On a random day each month get your spouse a small gift.  This doesn’t have to be anything big, a single flower, a six pack of beer, a little thing.  If you regularly get a coffee, skip it one day and get something for daspouse.  pick a day and that day use those few dollars to a little something for dawife or Dahusband.

And once every three months instead of the small thing do something slightly bigger, a small lunch, a movie.

And once a year instead of the small thing, do something bigger, a show, a fancier dinner, an overnight

This should be independent of regular birthdays and anniversaries and it should also be something that doesn’t break the bank.  The real trick is to keep it random (I suggest using old D & D dice that you’ve put away years ago.

Again it isn’t the size of said gift, it’s the fact that it is completely unexpected that makes it special.

Now I’m sure many of you can come up with better ideas and schemes and naturally you will know your spouse better than me but as long as it’s a bit random and a bit of a surprise you will put an extra smile on your mate’s face and those extra smiles will add up to many years of happiness.

My 30 Tips so far

Prince Arthur: But if you all work all day every day when is the time for Adventure?
Little John: Life is nine tenths work my boy and a little play when you can get it. The same in the greenwood as it is on the Lord’s manor or in Nottingham town

The Adventures of Robin Hood The Youngest Outlaw 1955

One of the real problems of the current culture, particularly TV culture is the idea that marriage is all about the things you do together, the places you go the things you see etc etc etc.

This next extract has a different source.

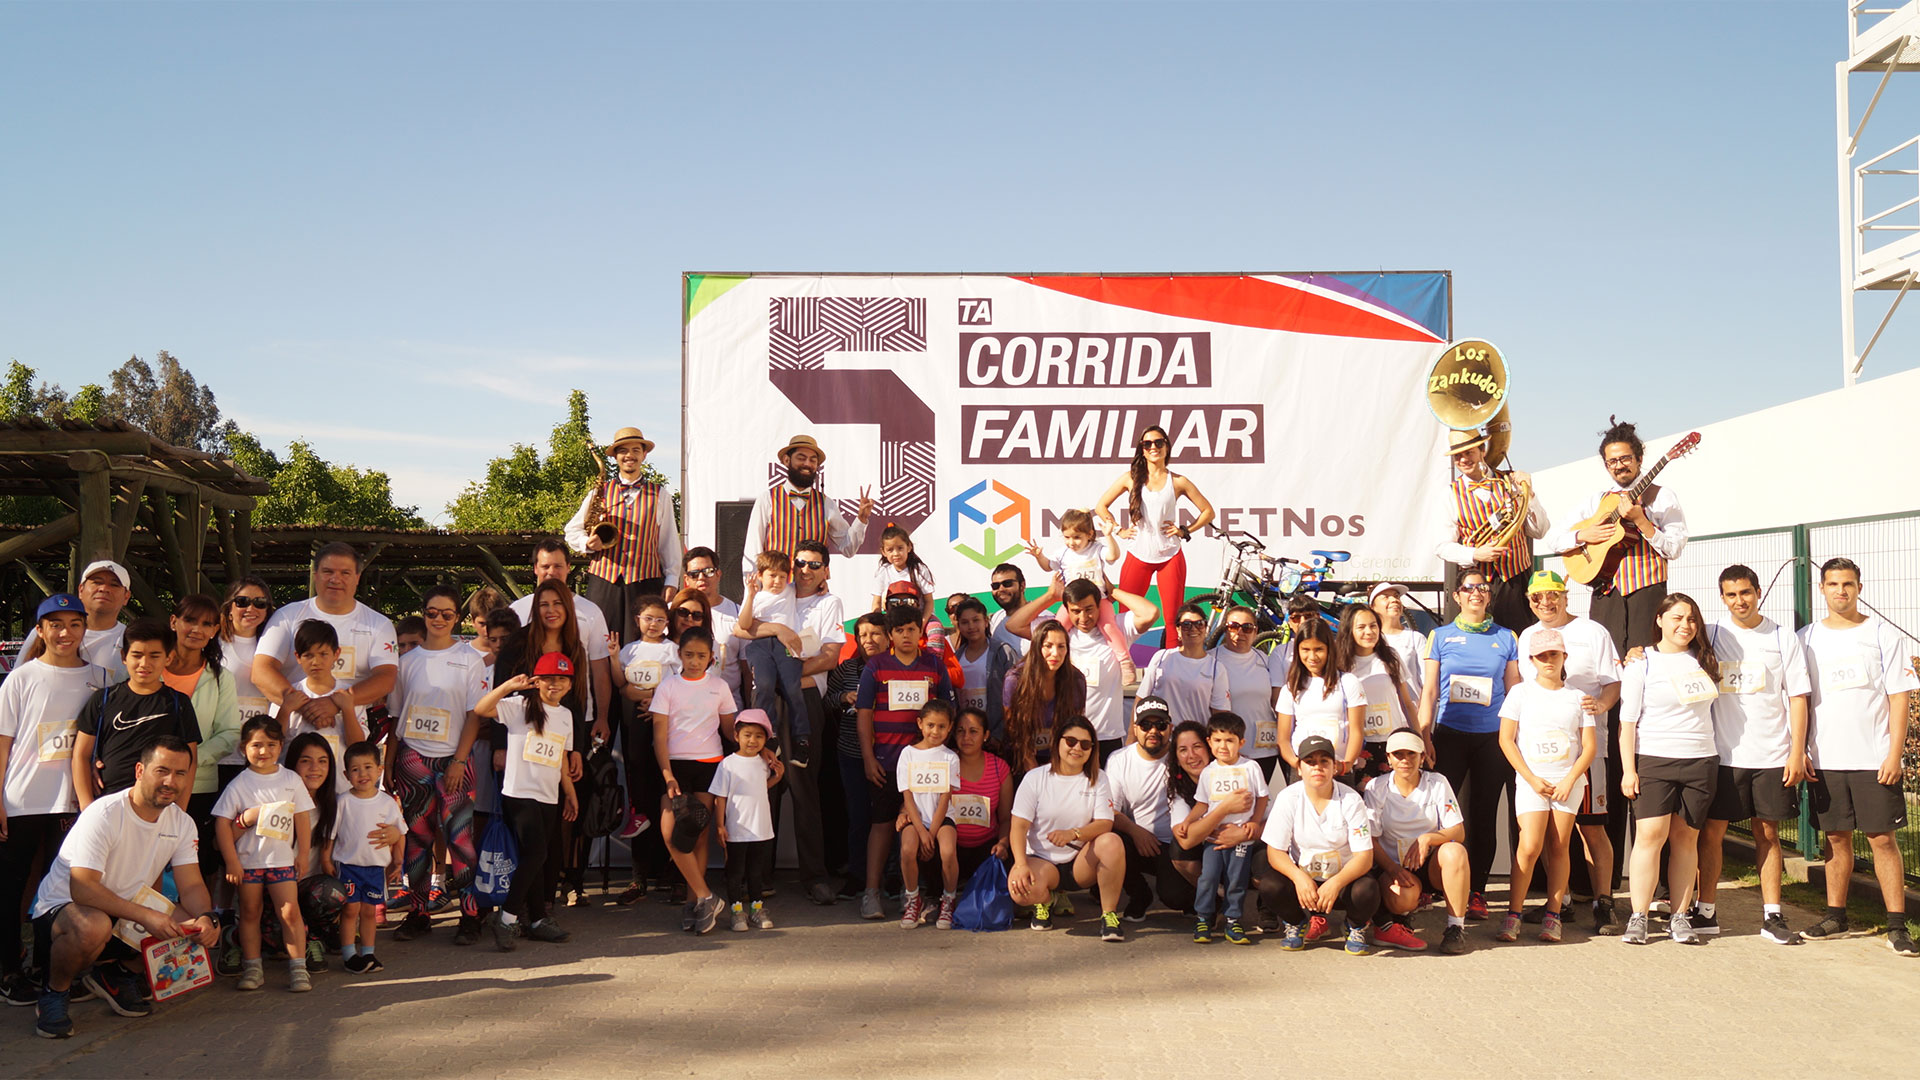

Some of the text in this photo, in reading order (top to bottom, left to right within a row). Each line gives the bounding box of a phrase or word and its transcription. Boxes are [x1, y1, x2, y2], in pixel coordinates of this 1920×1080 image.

The reality however is quite different.

Marriage is all about waking up each moment with a different person and living your life with them, that means all the normal things of life which means work and plenty of it.

It also means getting along which is also work

And of course your regular paying job of whatever type you have which again means work.

In other words more of the time of your marriage is going to be spent at work and if you come into marriage not knowing realizing this you are in for a nasty surprise.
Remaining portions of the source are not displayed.